**Exercise description:** Line for line, return the data exactly, omitting all pictures.

(Data items)
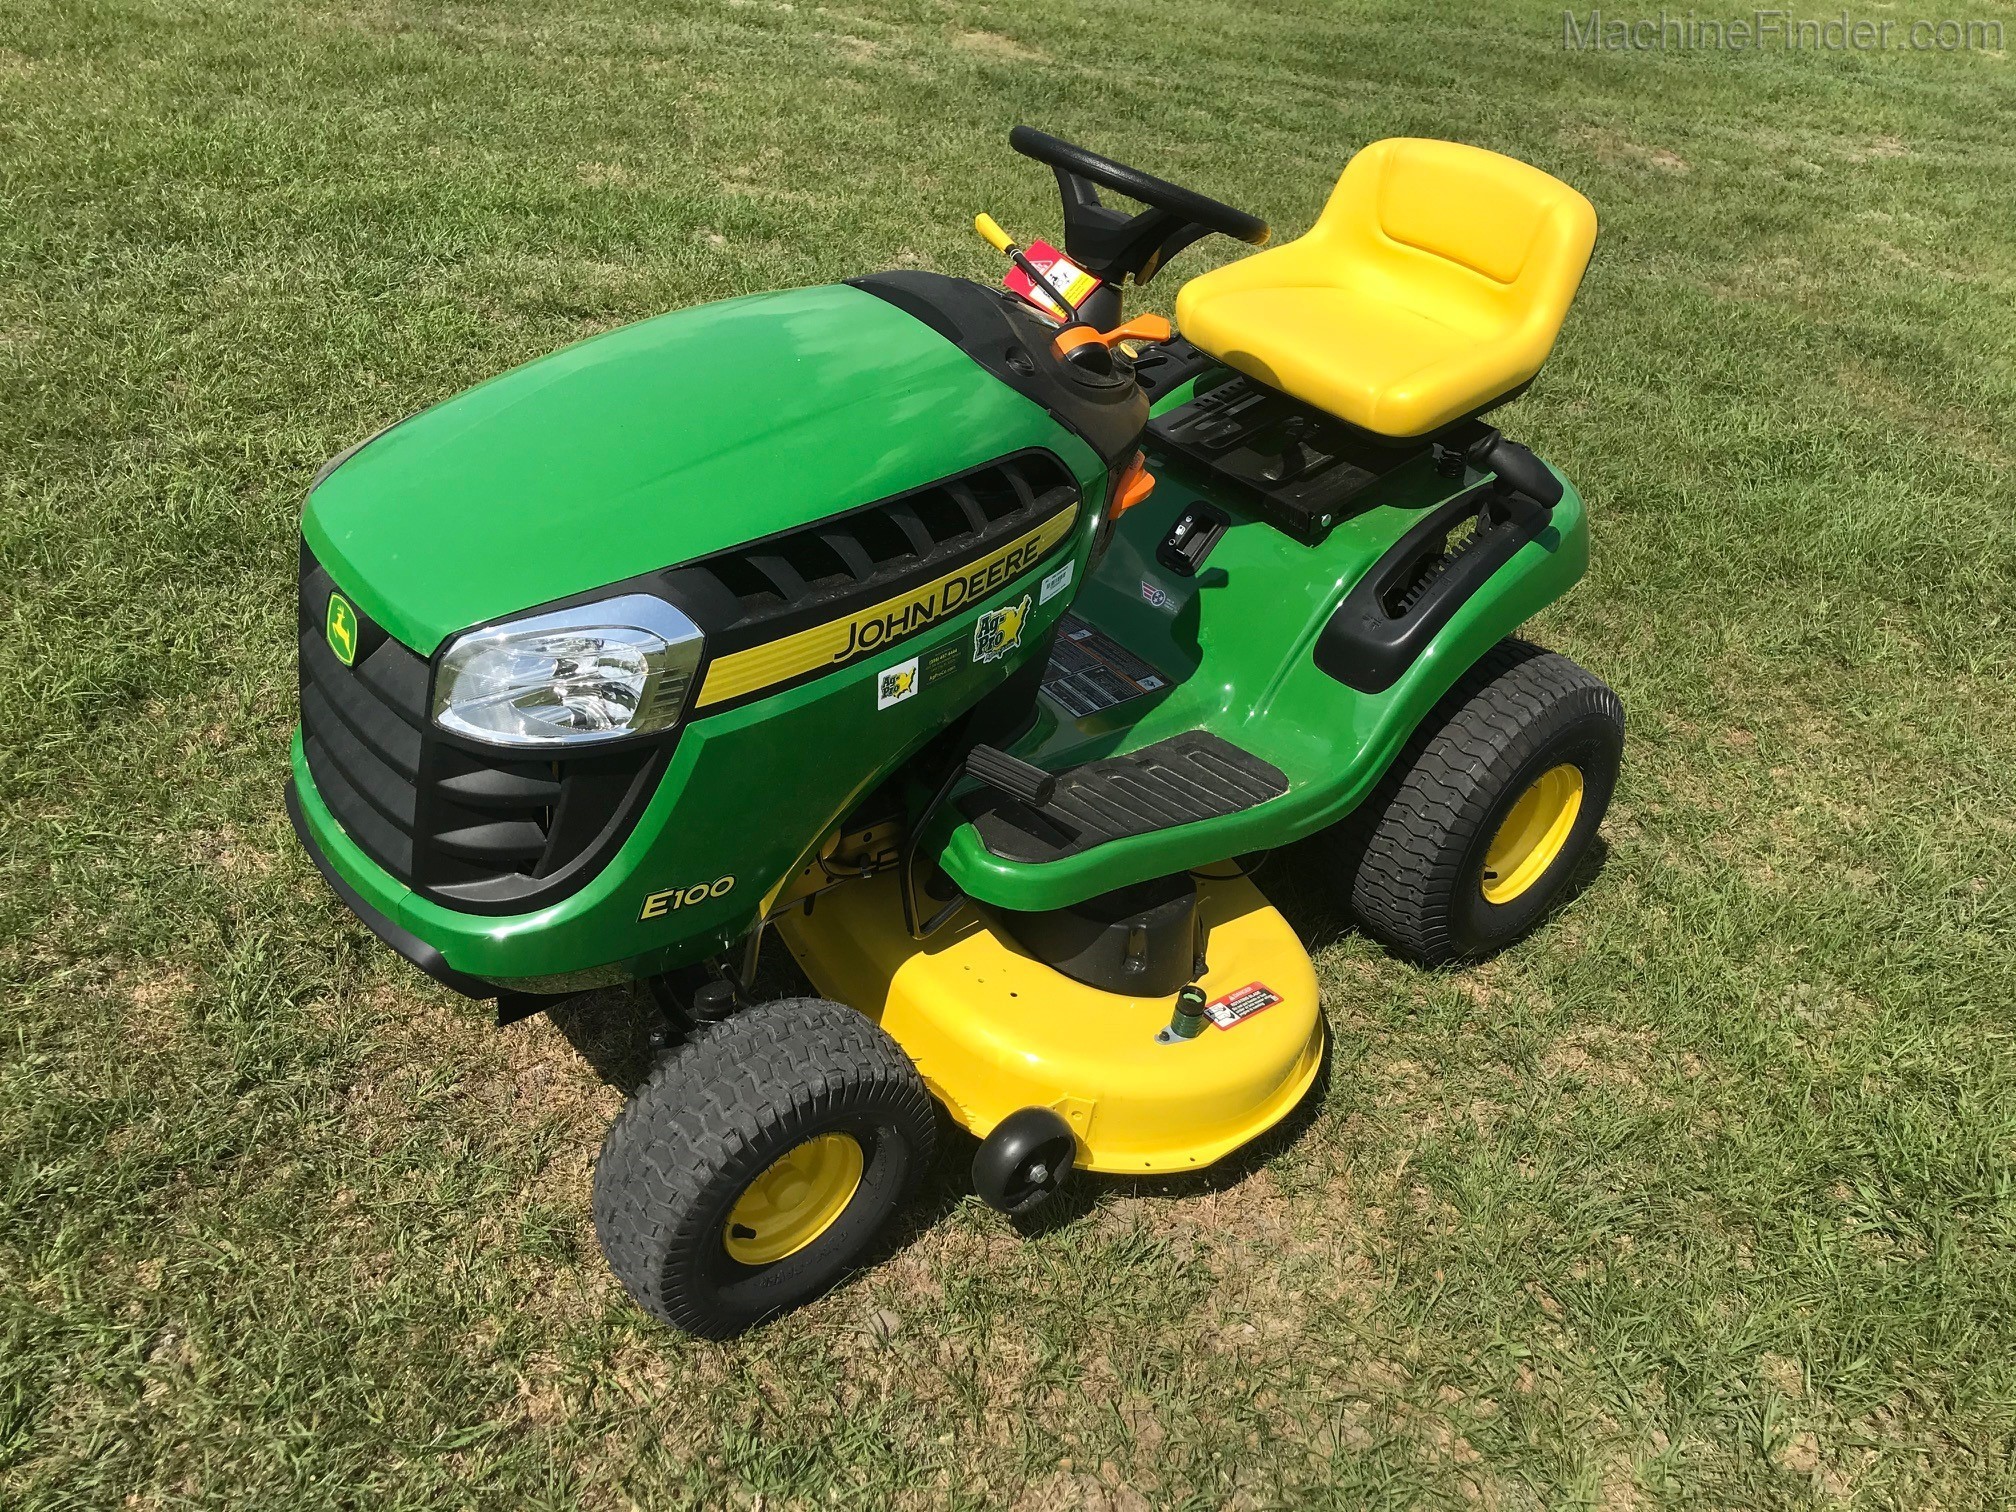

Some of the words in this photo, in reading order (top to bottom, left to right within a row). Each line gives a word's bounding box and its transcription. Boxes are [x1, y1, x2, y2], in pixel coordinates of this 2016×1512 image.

[833, 594, 935, 662] JOHN
[941, 534, 1041, 612] DEERE
[975, 630, 1004, 659] Pro
[640, 875, 735, 920] E100

**Answer to the problem:**
Some of the words in this photo, in reading order (top to bottom, left to right within a row). Each line gives a word's bounding box and its transcription. Boxes are [x1, y1, x2, y2], in pixel coordinates of this 2016×1512 image.

[833, 594, 935, 662] JOHN
[941, 534, 1041, 612] DEERE
[975, 630, 1004, 659] Pro
[640, 875, 735, 920] E100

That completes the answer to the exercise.